A Kindness Pledge

Freshman students at Harvard this fall were invited to sign one. Virginia Postrel takes issue with equating kindness and civility:

Kindness isn’t a public or intellectual virtue, but a personal one. It is a form of love. Kindness seeks, above all, to avoid hurt. Criticism — even objective, impersonal, well- intended, constructive criticism — isn’t kind. Criticism hurts people’s feelings, and it hurts most when the recipient realizes it’s accurate. Treating “kindness” as the way to civil discourse doesn’t show students how to argue with accuracy and respect. It teaches them instead to neither give criticism nor tolerate it. …

Douthat concurs:

The pursuite of niceness and the worship of success can complement one another as easily as they can contradict. But the kind of culture that’s created when they combine — friendly and deferential on the surface, boiling with resume-driven competitiveness underneath — isn’t one that a great university should aspire to cultivate.

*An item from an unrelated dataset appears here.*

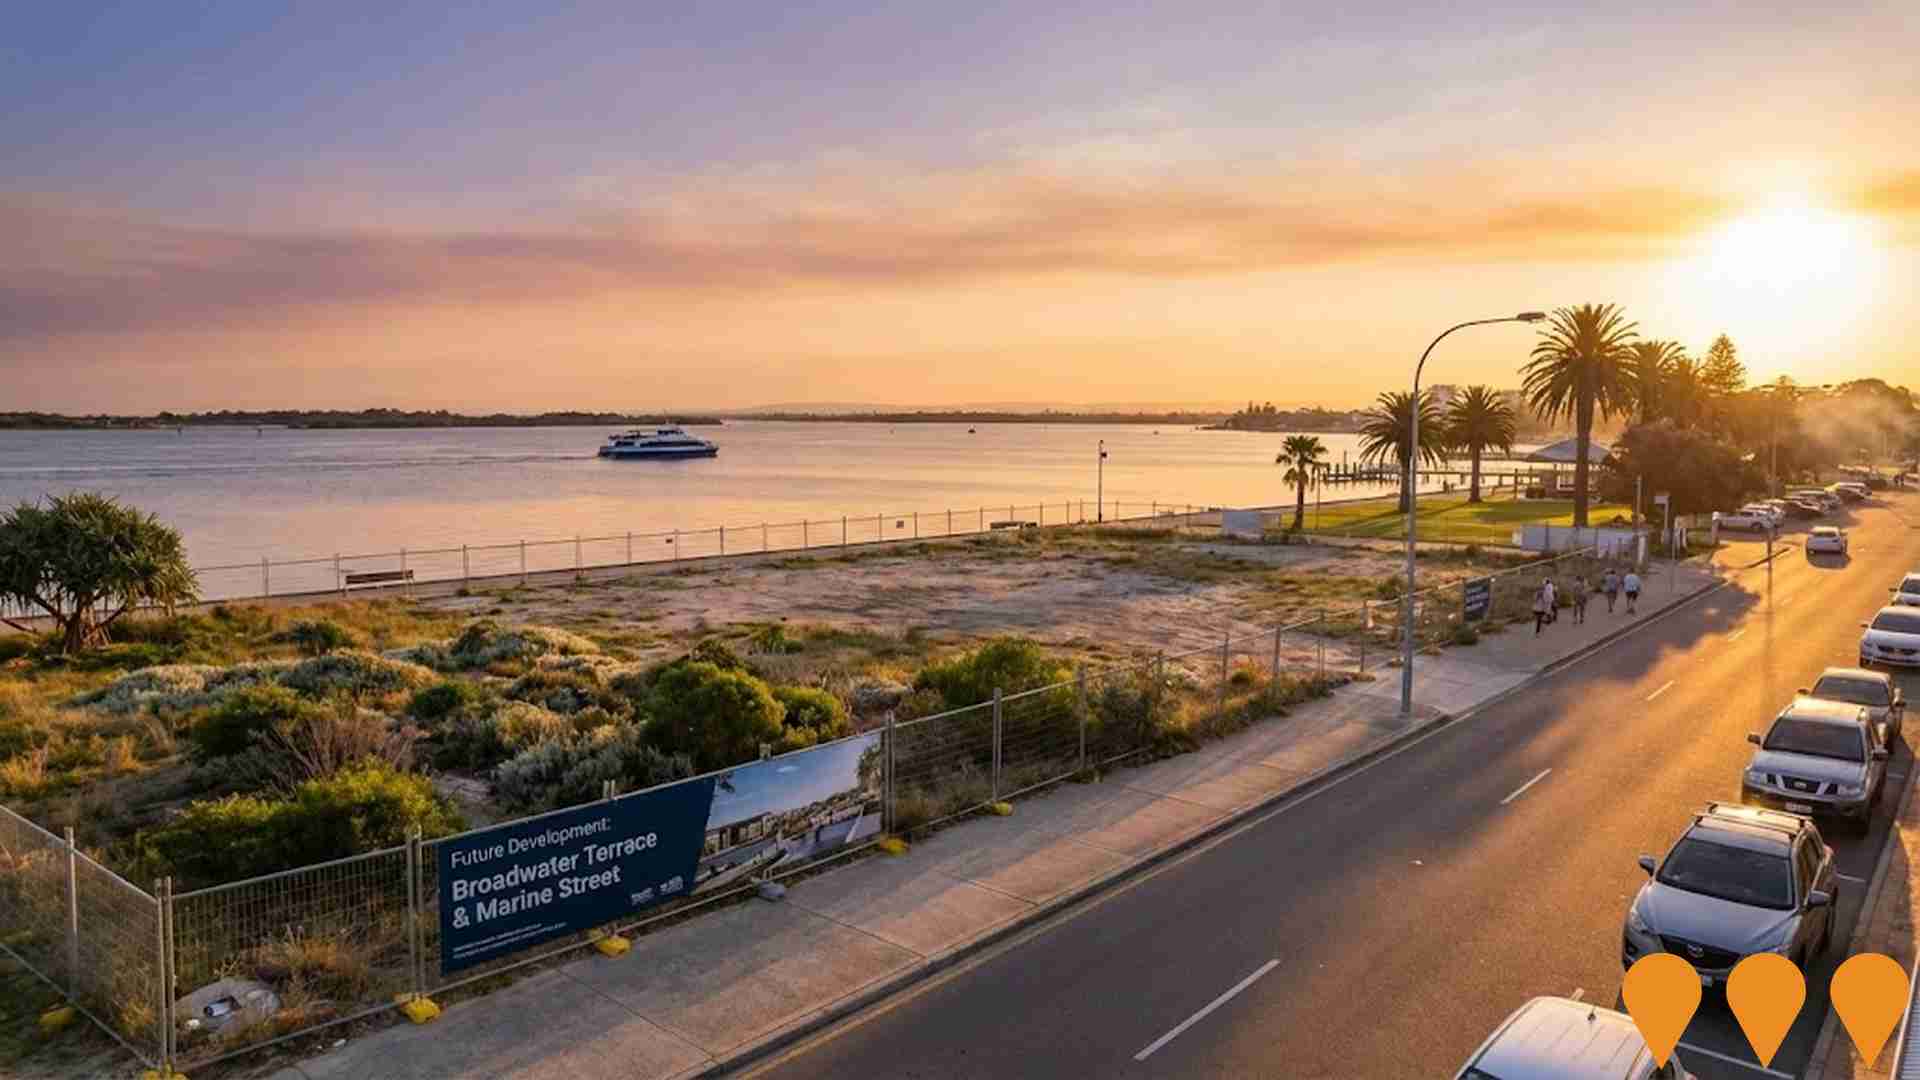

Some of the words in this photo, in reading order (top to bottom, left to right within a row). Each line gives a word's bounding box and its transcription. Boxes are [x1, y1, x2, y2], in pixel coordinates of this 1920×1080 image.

Along the same lines, Harry Lewis, a professor and former Harvard dean, fears the pledge's precedent. In a letter to the Crimson, law professor Charles Fried goes further. John Sides disagrees:

It strikes me that the bulk of the socialization that goes on in universities is not intellectual or scholarly; it is instead emotional and social.  And so how college students treat each other is important.